Assinada por Telasco, a coluna, sugestivamente nomeada de ‘Alvejando’, pretendia engajar a audiência no projeto de escolarização noturna. Por isso, mobilizou a história de vida de Booker como um exemplo de abnegação em prol de uma causa coletiva. O colunista anônimo narrou os percalços por ele enfrentados da escravidão à fundação do Instituto Tuskegee no Alabama, em 1881, passando pelo autodidatismo e pela criação de escolas após formar-se no Instituto Hampton. Explicitando os valores compartilhados, Booker foi adjetivado como um “[...] apóstolo do levantamento moral e intelectual dos negros nos Estados Unidos [...]” ou, em outras palavras, do “[...] levantamento da sua raça pela instrução, honradez e trabalho” (Alvejando, 1902, p. 1).

Conforme Frank Guridy (2010), Booker depositava, na formação para o trabalho, sobretudo agrícola e industrial, o principal meio de elevação e integração do negro à nação. A partir do método de ensino de ‘encaixe’, que articulava trabalho manual e o intelectual, pretendia dignificar o trabalho, ensinar ofícios com excelência, atender à necessidade de líderes industriais capacitados e assistir estudantes carentes. Segundo Liana Ribeiro (2020, p. 94), o interesse pelo método de Booker expressa “[...] a ressignificação do trabalho manual e a necessidade do ensino profissionalizante em conjunto com a educação intelectual como uma das formas possível de ascensão social no pós-abolição”.

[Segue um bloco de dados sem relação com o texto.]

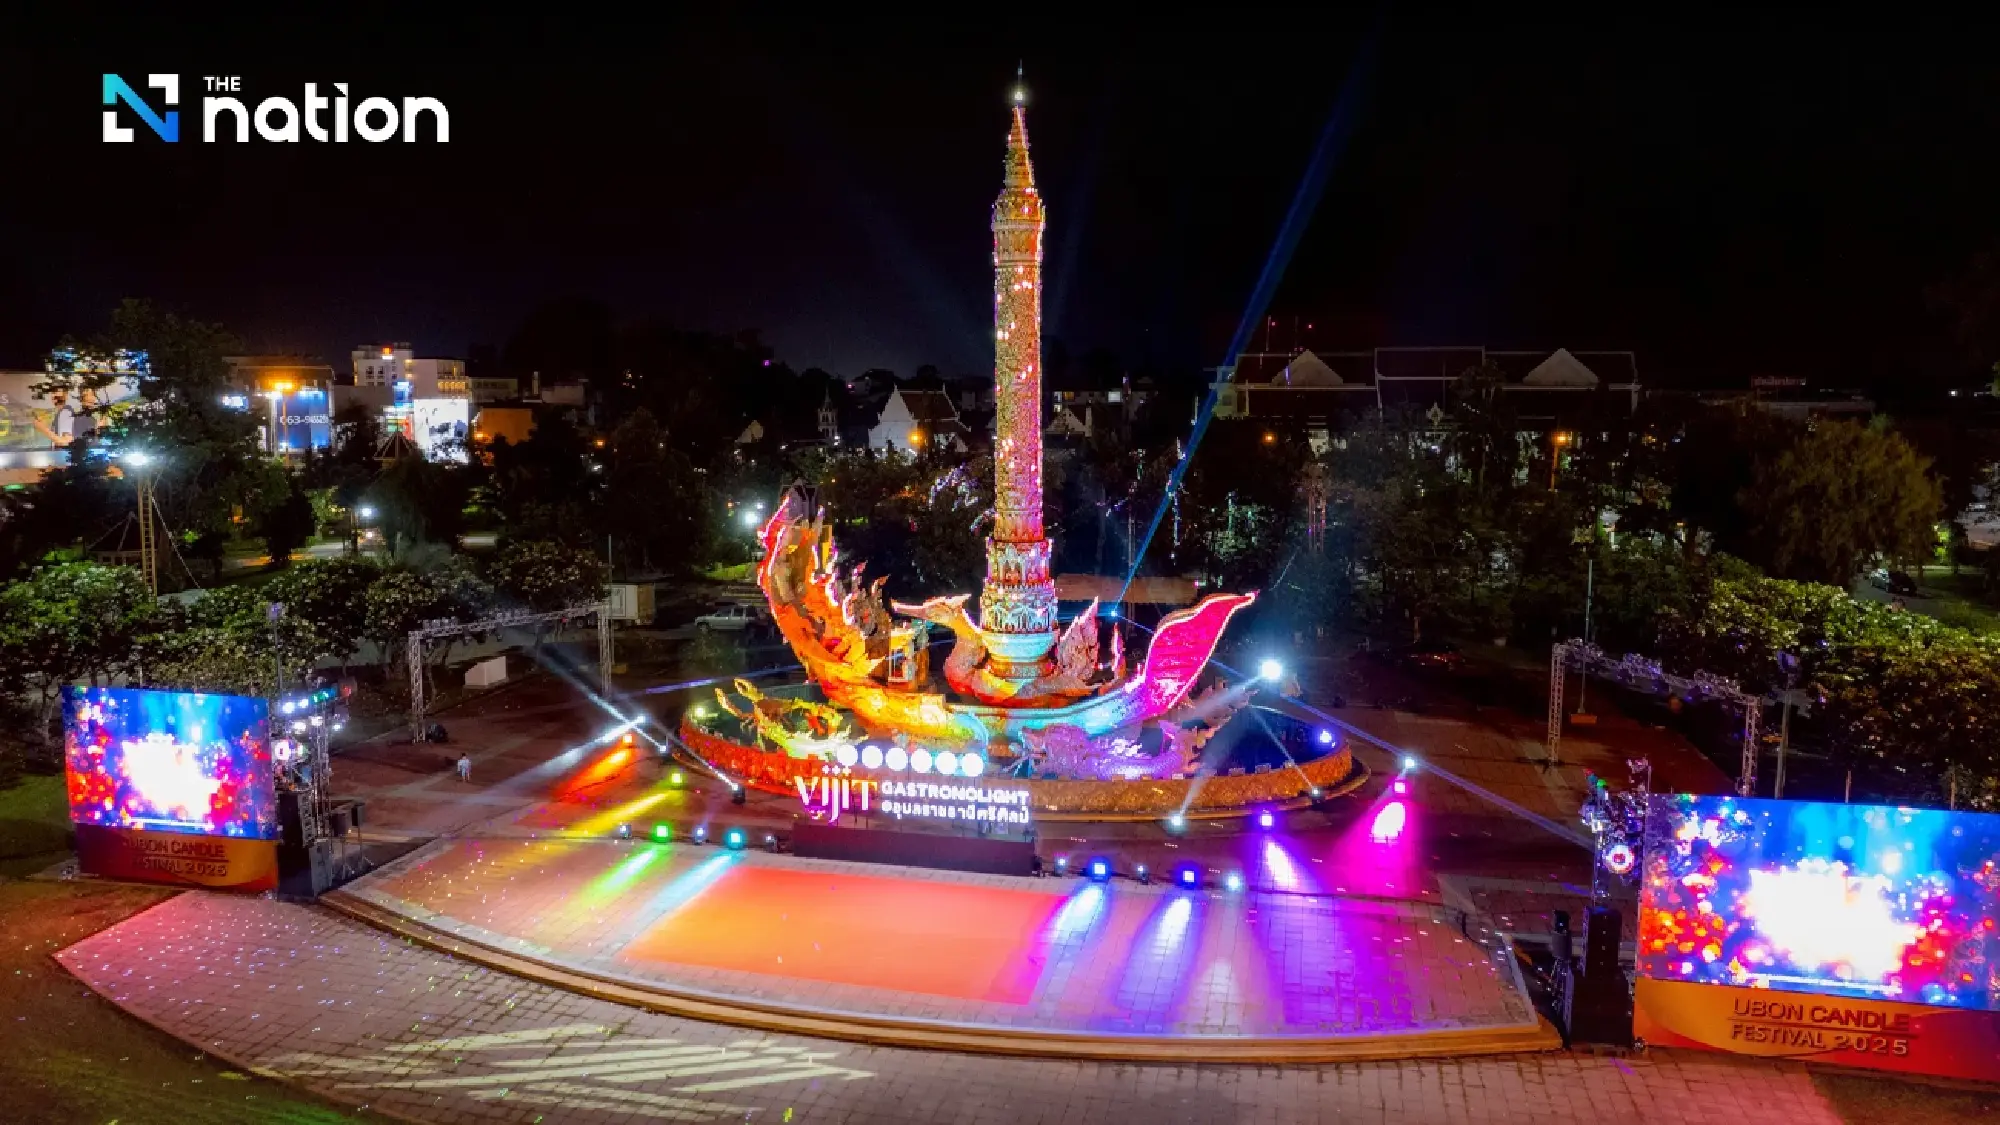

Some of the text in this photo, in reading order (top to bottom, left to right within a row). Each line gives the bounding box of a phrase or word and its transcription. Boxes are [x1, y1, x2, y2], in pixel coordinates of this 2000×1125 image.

[881, 780, 1030, 806] GASTRONOLIGHT
[171, 839, 226, 857] CANDLE
[184, 860, 227, 877] 2025
[1734, 996, 1910, 1031] UBON CANDLE
[1732, 1024, 1908, 1056] FESTIVAL 2025
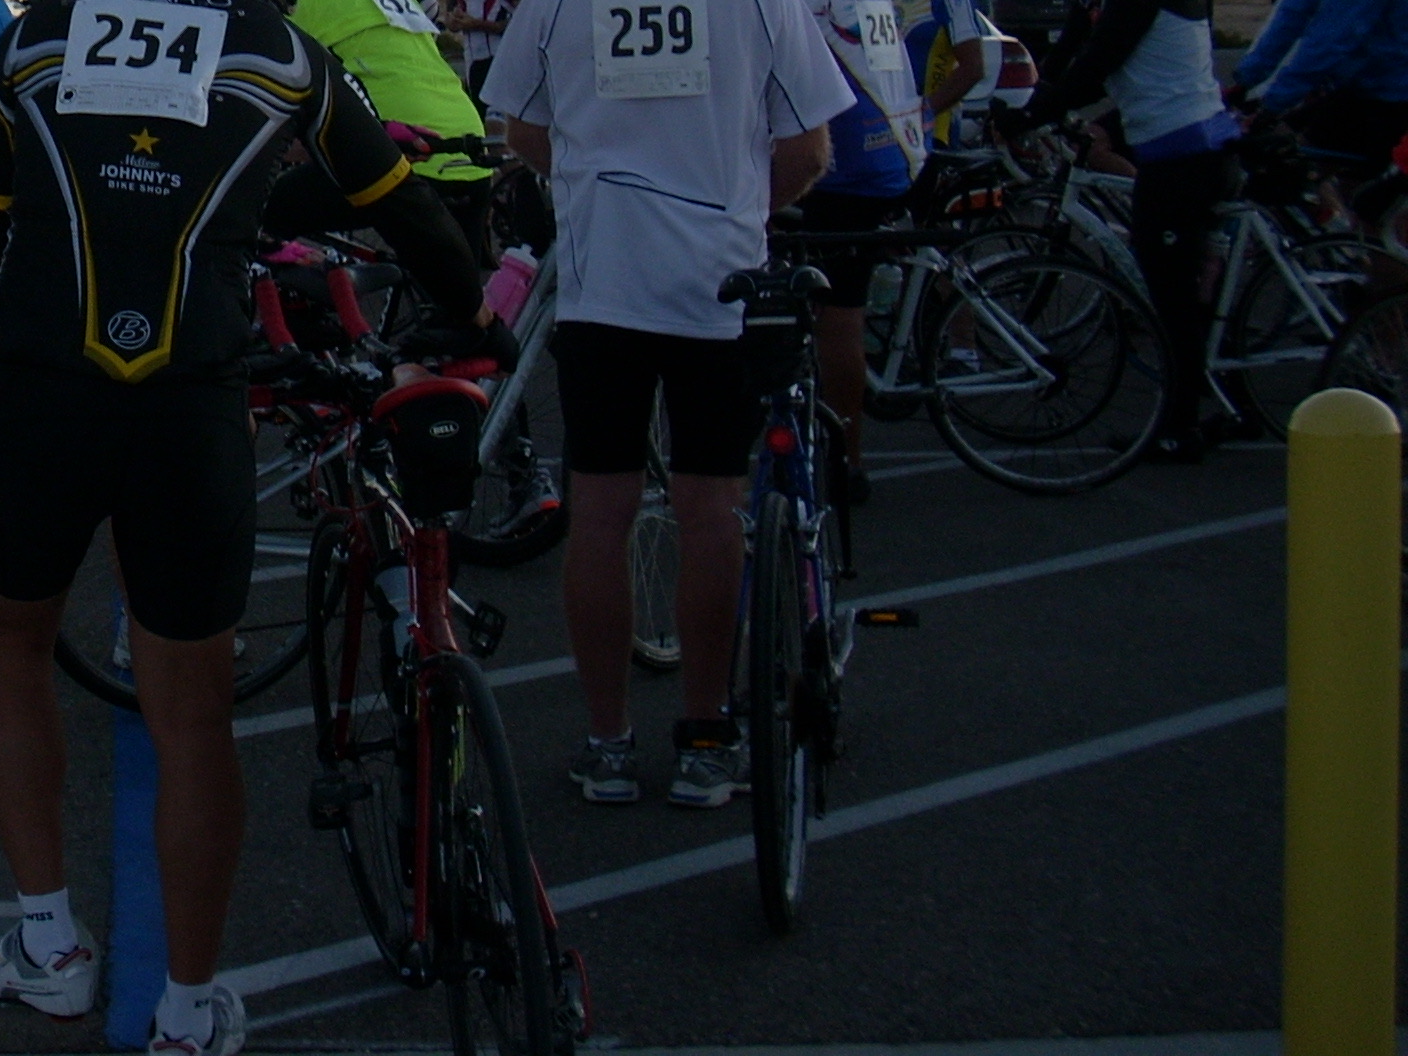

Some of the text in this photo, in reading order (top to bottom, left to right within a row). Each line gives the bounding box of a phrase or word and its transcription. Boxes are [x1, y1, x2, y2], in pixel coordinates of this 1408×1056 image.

[84, 14, 201, 75] 254
[610, 5, 693, 57] 259
[865, 13, 896, 45] 245
[99, 163, 181, 189] JOHNNY'S
[107, 178, 171, 196] BIKE SHOP

O principal crítico de Booker foi seu contemporâneo W. E. B. Du Bois (1999), que, desde a realidade do norte do país, depositava, na educação de lideranças negras, denominadas ‘décima parte talentosa’, um caminho para a redenção racial. Aliada à agitação política, essa educação abrangeria conhecimentos mais amplos e eruditos. Para ele, o método de Booker formaria apenas trabalhadores submissos, acríticos, portanto, não emancipados. No entanto, Guridy (2010) trouxe um aspecto pouco mencionado: a dimensão afrodiaspórica do projeto de Booker. Aproveitando-se da estrutura imperialista estadunidense, disseminou-o em Cuba e Porto Rico, e as traduções de sua autobiografia, como vimos, repercutiram inclusive no Brasil.

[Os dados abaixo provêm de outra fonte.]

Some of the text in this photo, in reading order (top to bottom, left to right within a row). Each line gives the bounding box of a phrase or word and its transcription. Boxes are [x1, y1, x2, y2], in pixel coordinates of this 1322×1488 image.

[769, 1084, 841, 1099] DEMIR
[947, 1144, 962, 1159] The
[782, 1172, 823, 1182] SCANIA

Outro ponto de confluência dizia respeito à importância de os processos de ensino e moralização serem conduzidos por professores negros. O Instituto Tuskegee investia na sua formação, transformando-os em modelos de conduta moral para a elevação da raça (Guridy, 2010). Nesse sentido, o regulamento da Escola Noturna O Exemplo convocou professores do seu meio para se somarem ao projeto e, com o apoio “[...] de todos os do nosso meio, homens e associações [,] ver gente surgindo dentre nossa gente” (Nossa escola..., 1902). Além disso, professores e representantes das associações mantenedoras constituíram a direção da escola, enquanto os tesoureiros das mantenedoras e um dos membros da redação do jornal compuseram a comissão econômica de gerência da escola (Nossa escola..., 1902). Tendo em vista que as associações negras ou de classe eram importantes espaços educativos e instrutivos, conjecturamos haver ainda a expectativa de que alguma das associações abrigasse as aulas da escola enquanto não fosse possível adquirir uma sede própria.

A adesão ao projeto seguia ínfima e, para os editores, decorria da “falta de cultura da maior parte de seus membros” (Ateneu popular II, 1902). No entanto, devemos considerar as diferentes maneiras de organização da cultura por meio da experiência e, consequentemente, os conflitos decorrentes de projetos distintos (Bertucci et al., 2010). Dessa forma, vejamos como as personagens pouco mencionadas no projeto se posicionaram.

Mulheres indo à frente: limites e possibilidades do projeto de escolarização noturna

O caráter democrático do projeto de escolarização foi expresso no primeiro artigo do regulamento e, apesar de não pretender discriminar as mulheres, o principal alvo era o público masculino, especialmente o adulto. Em um dos últimos editoriais sobre o tema, os redatores manifestaram o desejo de contemplar os ‘filhos dos proletários’; os ‘desprotegidos da fortuna’; os trabalhadores em geral; os ‘rapazes pobres’ aprovados nos exames preparatórios, mas que não podiam “[...] prosseguir seus estudos porque as academias existentes, por seus regulamentos, só facilidades oferecem àqueles que de favores não precisam - os filhos dos ricos, aos que têm todos os recursos para estudarem” (Ateneu popular II, 1902, p. 1).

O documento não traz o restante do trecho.